Acabou em clima de confraternização e de dever cumprido a greve dos professores do Pará. Depois de 41 dias parada, a categoria não se curvou diante dos ataques do governo Ana Júlia (PT). Durante esse tempo, os professores enfrentaram ameaças, truculência da polícia e autoritarismo do governo. A greve foi suspensa com música e fogos em frente ao Palácio dos Despachos, sede do governo, com a palavra-de-ordem “a luta continua / Ana Júlia a culpa é tua”.

A última assembléia, no dia 4 de junho, em frente à Secretaria de Educação, foi acompanhada por um forte batalhão da Polícia Militar e contou com a presença de mais de 500 trabalhadores. Várias ações contra o governo foram definidas para o segundo semestre. Para a maioria dos presentes, a greve teve grande importância política, pois desmascarou o governo do PT e reacendeu a disposição de luta da categoria, o que não se via há muitos anos.

Embora os valores dados pelo governo tenham ficado muito abaixo das reivindicações dos trabalhadores, a categoria não se curvou. Os trabalhadores exigiam 30% de reposição salarial e vale-refeição de R$ 400. O governo deu 6,5% e vale-refeição de R$ 100.

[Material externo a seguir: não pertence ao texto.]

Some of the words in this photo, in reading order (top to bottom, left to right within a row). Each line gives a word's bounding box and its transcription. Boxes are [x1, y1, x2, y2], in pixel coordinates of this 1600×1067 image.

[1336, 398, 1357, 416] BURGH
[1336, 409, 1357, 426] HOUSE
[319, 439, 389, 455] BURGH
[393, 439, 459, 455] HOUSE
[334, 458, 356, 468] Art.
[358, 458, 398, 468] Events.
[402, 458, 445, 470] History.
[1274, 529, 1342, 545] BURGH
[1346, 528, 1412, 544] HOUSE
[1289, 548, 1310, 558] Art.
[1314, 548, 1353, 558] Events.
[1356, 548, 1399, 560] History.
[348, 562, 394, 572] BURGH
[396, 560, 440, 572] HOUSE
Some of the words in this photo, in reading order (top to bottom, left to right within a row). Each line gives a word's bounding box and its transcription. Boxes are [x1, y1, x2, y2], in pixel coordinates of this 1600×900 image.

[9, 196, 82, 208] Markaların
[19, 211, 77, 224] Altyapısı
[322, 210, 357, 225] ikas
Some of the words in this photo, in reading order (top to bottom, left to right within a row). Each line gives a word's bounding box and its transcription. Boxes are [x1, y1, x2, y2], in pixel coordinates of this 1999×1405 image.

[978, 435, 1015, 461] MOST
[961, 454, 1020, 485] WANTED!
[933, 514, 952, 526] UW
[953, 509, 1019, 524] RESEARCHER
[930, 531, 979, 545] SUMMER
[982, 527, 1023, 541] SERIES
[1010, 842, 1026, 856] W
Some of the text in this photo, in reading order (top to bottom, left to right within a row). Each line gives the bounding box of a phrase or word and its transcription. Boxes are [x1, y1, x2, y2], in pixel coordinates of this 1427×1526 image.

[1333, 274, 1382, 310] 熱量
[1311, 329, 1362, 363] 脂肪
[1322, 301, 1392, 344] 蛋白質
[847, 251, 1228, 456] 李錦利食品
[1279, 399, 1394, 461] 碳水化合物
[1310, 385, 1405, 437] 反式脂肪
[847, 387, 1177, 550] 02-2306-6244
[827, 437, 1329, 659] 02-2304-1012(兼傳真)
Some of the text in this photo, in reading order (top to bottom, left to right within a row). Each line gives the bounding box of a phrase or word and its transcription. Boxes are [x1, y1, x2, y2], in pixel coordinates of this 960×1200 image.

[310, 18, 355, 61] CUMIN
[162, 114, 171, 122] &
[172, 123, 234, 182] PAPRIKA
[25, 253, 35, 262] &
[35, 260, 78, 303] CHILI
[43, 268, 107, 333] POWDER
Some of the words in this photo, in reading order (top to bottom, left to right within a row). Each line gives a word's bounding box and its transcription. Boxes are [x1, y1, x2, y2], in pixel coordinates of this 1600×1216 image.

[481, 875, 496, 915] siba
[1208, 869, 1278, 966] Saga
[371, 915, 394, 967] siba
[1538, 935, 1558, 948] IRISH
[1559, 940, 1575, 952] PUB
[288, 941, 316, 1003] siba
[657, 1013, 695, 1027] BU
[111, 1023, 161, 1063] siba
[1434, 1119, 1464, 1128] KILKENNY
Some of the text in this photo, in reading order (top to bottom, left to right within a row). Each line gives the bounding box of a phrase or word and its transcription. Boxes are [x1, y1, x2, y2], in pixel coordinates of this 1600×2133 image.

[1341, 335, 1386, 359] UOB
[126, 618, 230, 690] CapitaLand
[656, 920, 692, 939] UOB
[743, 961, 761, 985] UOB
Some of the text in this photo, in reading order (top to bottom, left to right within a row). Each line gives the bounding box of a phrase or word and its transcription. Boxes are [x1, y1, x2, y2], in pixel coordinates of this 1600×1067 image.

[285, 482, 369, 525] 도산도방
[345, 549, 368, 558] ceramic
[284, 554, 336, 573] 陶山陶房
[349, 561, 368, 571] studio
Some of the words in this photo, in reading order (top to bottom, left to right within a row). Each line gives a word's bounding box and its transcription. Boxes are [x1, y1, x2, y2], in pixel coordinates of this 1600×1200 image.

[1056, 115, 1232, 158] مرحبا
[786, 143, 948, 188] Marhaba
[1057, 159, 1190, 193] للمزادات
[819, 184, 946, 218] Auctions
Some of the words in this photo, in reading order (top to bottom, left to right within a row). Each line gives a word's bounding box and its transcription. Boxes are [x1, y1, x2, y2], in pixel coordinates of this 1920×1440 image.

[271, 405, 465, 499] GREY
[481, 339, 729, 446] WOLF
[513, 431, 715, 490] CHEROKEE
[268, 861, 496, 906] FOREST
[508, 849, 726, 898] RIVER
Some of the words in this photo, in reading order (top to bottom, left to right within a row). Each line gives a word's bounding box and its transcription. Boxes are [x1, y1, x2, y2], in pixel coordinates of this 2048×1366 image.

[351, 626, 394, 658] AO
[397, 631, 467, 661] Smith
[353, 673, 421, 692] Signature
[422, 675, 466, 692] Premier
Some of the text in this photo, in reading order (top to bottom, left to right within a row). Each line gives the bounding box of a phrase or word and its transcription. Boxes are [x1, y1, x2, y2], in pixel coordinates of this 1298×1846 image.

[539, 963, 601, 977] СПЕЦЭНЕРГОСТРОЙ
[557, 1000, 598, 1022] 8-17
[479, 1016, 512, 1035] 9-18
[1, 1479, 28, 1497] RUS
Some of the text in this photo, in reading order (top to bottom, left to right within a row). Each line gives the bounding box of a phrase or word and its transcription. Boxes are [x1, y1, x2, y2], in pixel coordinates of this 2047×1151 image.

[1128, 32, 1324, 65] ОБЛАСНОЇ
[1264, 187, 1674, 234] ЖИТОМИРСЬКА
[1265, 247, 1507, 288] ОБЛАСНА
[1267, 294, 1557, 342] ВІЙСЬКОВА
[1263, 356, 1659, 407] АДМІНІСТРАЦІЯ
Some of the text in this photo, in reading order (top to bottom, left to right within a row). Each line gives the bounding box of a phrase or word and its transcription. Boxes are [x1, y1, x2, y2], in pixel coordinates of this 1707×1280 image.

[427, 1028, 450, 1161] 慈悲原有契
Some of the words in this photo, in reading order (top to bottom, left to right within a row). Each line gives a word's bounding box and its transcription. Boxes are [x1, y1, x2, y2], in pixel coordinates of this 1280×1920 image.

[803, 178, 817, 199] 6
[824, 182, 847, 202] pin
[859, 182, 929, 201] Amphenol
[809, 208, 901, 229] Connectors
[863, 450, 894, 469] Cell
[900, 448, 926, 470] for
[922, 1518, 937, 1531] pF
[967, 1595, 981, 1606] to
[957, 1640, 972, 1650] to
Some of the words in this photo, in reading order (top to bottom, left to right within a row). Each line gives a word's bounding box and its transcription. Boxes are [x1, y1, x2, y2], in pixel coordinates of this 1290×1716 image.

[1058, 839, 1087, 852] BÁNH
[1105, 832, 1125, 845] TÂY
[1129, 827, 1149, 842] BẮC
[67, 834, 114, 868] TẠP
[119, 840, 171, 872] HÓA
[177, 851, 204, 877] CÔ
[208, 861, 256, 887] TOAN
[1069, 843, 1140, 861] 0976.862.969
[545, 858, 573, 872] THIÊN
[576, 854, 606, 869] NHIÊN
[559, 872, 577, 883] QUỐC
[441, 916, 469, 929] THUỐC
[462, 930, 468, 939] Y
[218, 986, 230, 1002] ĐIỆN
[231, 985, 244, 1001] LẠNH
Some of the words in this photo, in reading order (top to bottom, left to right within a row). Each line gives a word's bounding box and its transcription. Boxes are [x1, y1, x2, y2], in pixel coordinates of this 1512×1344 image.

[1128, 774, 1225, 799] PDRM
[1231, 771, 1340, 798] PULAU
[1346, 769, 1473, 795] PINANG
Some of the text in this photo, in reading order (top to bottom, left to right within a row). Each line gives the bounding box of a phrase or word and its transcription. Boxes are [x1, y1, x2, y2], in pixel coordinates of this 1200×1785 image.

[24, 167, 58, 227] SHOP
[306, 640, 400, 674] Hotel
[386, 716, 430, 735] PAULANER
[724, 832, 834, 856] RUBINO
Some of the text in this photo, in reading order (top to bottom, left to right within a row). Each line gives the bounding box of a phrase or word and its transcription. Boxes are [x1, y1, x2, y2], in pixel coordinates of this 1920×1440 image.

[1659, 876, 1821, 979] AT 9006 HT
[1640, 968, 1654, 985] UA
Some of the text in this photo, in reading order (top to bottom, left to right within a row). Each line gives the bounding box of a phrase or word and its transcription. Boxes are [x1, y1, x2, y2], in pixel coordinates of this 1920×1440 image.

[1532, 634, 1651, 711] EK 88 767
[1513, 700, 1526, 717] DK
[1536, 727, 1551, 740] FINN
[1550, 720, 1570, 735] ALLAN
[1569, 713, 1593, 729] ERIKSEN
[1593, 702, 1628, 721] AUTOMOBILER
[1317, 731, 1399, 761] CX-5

Enquanto Ana Júlia e o PT utilizaram de tudo para derrotar a greve, os trabalhadores responderam com passeatas, atos públicos, bloqueio de ruas, ocupação do gabinete da secretária de Educação, enfrentamentos com a polícia, conversas com a população e atividades culturais na Praça da República. O governo teve a seu lado a imprensa, a Justiça, que julgou a greve abusiva, a propaganda nos bairros com panfletos e carro de som, o assédio moral, entre outras práticas repressivas.

Conlutas fez a diferença
A Conlutas militou cotidianamente apoiando política e financeiramente a greve. Vários de seus sindicatos e dirigentes prestaram solidariedade durante a greve e a oposição Alternativa Conlutas na educação se firmou como uma referência de esquerda para os professores do estado.

O papel da Alternativa Conlutas foi determinante, pois a APS (PSOL), corrente que dirige o sindicato, não tinha o objetivo de ir à greve. A visita a várias escolas com uma política diferente, de oposição ao governo, possibilitou a entrada em greve, levando a categoria a reivindicar a presença de membros da Alternativa na mesa de negociação.

Este reconhecimento possibilitou contatos com vários municípios e ativistas e a vontade de muitos de participarem do Congresso da Conlutas em julho. O Sintepp (sindicato da categoria), tentando impedir o crescimento da Conlutas, publicou um panfleto buscando associar a Conlutas a setores de direita, numa clara tentativa desesperadora e mentirosa de impedir o crescimento da oposição. O próximo passo agora é formar um bloco com princípios, de esquerda e independente do governo para construir uma nova direção para o Sintepp.